Fig. 1 is a principle diagram showing an embodiment of the automatic nutrient solution supply control device according to the present invention, Fig. 2 is a principle diagram of the same liquid fertilizer quantitative supply device, and Fig. 3 is a principle diagram of the same liquid fertilizer supply device. in,
1 is a nutrient solution tank, 2 is a nutrient solution adjustment tank, 3 is a cultivation bed, 4 is a nutrient solution supply pump, 5 and 6 are liquid level gauges, 7 and 9 are solenoid valves, 8 and 1213 are nutrient solution lines, and 10 is a Liquid fertilizer quantitative supply device or liquid fertilizer supply device, 11 is a controller, o-ler 14 is a water supply line, 15 is an ejector or part of a sucker, 16 is a liquid fertilizer stock solution tank, 1722 is a solenoid valve,
18 is a measuring cup, 19 and 23 are liquid fertilizer lines, 20
2 shows a siphon, and 21 shows an air venting capillary tube.

Claims (1)

[Claims] 1 A liquid level gauge 5 is provided inside, and the content nutrient solution is fed to the line 12.

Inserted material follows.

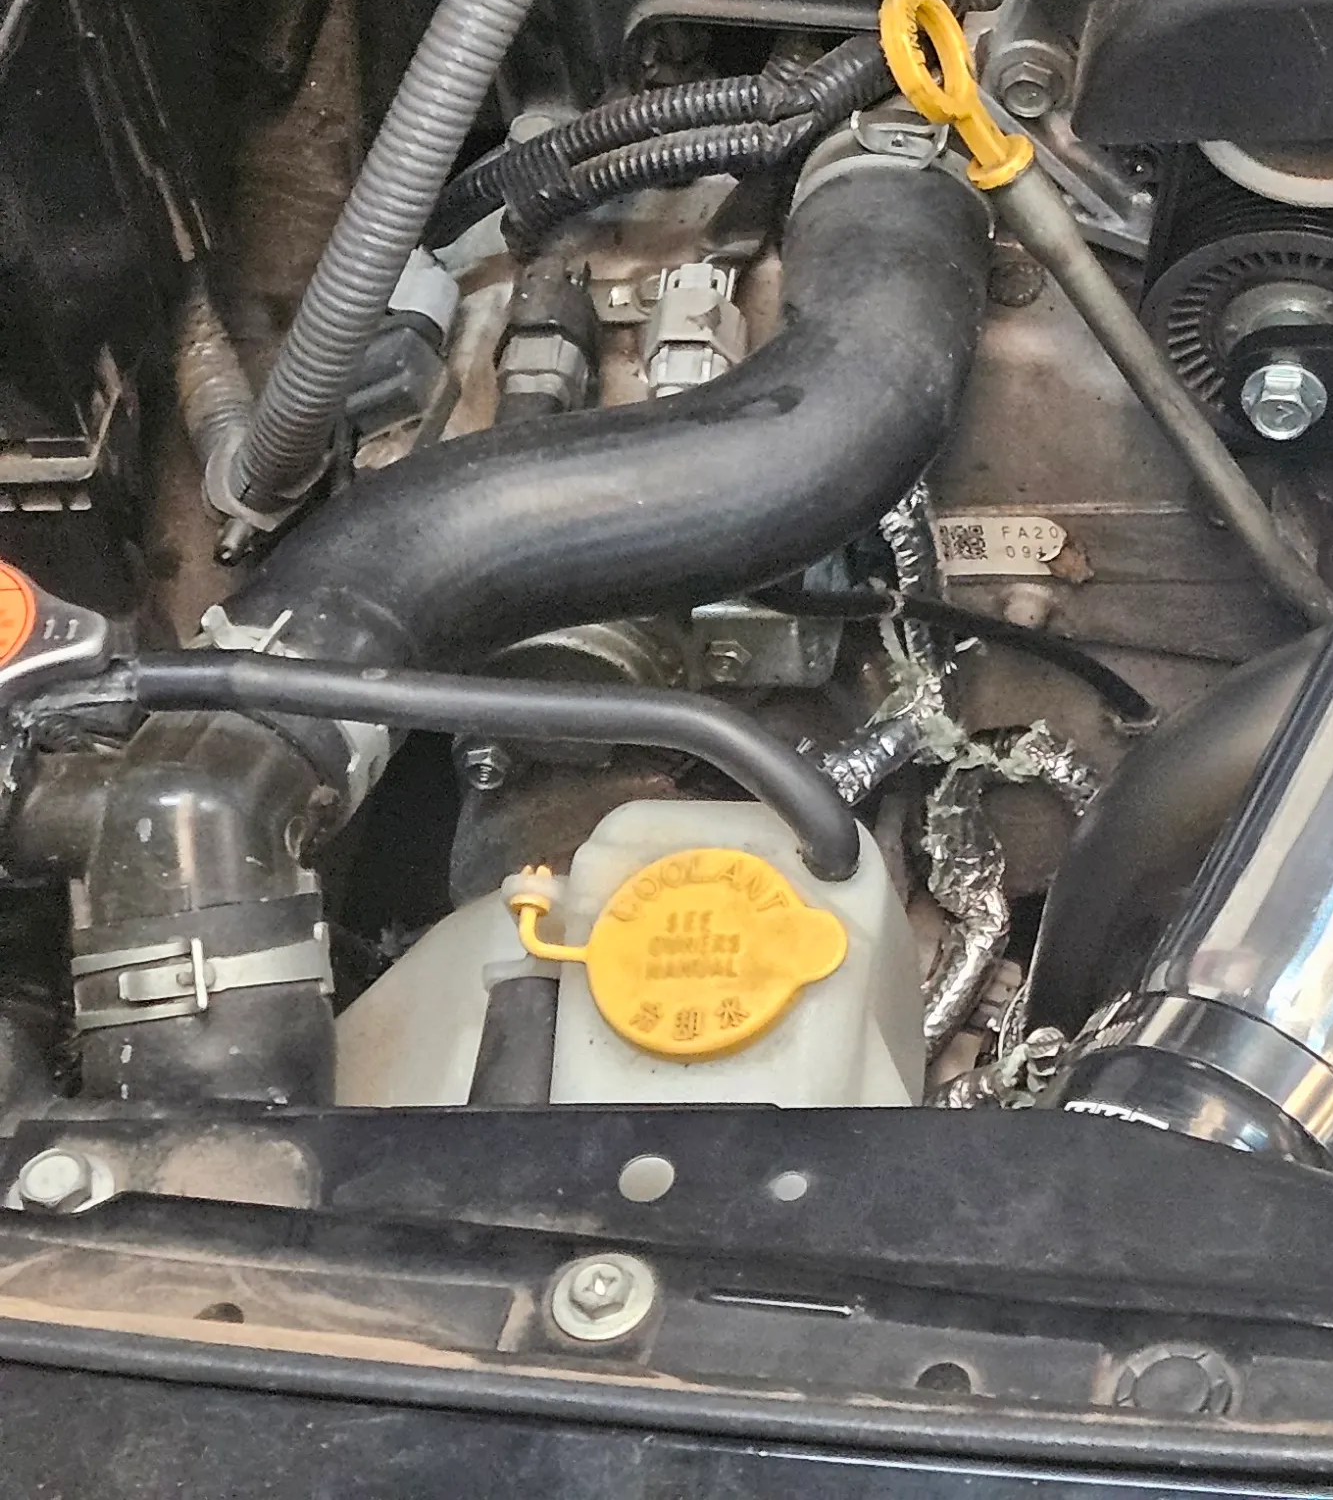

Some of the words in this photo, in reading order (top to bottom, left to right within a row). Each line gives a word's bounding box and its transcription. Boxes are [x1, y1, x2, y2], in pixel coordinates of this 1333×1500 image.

[1001, 525, 1060, 540] FA20
[43, 618, 79, 641] 1.1
[609, 855, 791, 922] COOLANT

The excess nutrient solution is supplied to the cultivation bed 3 through the line 1.
3, a nutrient solution adjustment tank 2 in which a nutrient solution is adjusted and stored, and a nutrient solution adjustment tank 2 in which a nutrient solution is adjusted and stored; When the liquid level in the tank falls to the lower surface detection level set in advance by the liquid level gauge 5, the communication line 8 between the nutrient solution tank 1 and the nutrient solution adjustment tank 2 is opened via the relay in the controller 11, and the nutrient solution is The nutrient solution adjusted and stored in the adjustment tank 2 is supplied to the nutrient solution tank 1, and when the liquid level in the nutrient solution adjustment tank 2 falls to the lower surface detection level set in advance by the liquid level gauge 6, a relay in the controller 11 is activated. After the nutrient solution is supplied to the nutrient solution tank 1 and the liquid level in the nutrient solution adjustment tank 2 drops to the level detected by the lower surface of the liquid level gauge 6, the controller A water supply line 1 that communicates with the nutrient solution adjustment tank 2 via a relay in 11
4 is opened and water or water-liquid fertilizer is supplied until the liquid level reaches the upper surface detection level set in advance by the liquid level gauge 6, and then the solenoid valve 9 and the water supply line 14 are closed.
During the process, a mixing dilution device quantitatively mixes liquid fertilizer into the water through one or more liquid fertilizer suction devices, or a certain amount of liquid fertilizer is added to the nutrient solution adjustment tank 2 corresponding to the amount of water supplied to the tank. An automatic nutrient solution supply control device characterized by being configured by installing a liquid fertilizer mixing device 10 that is directly supplied.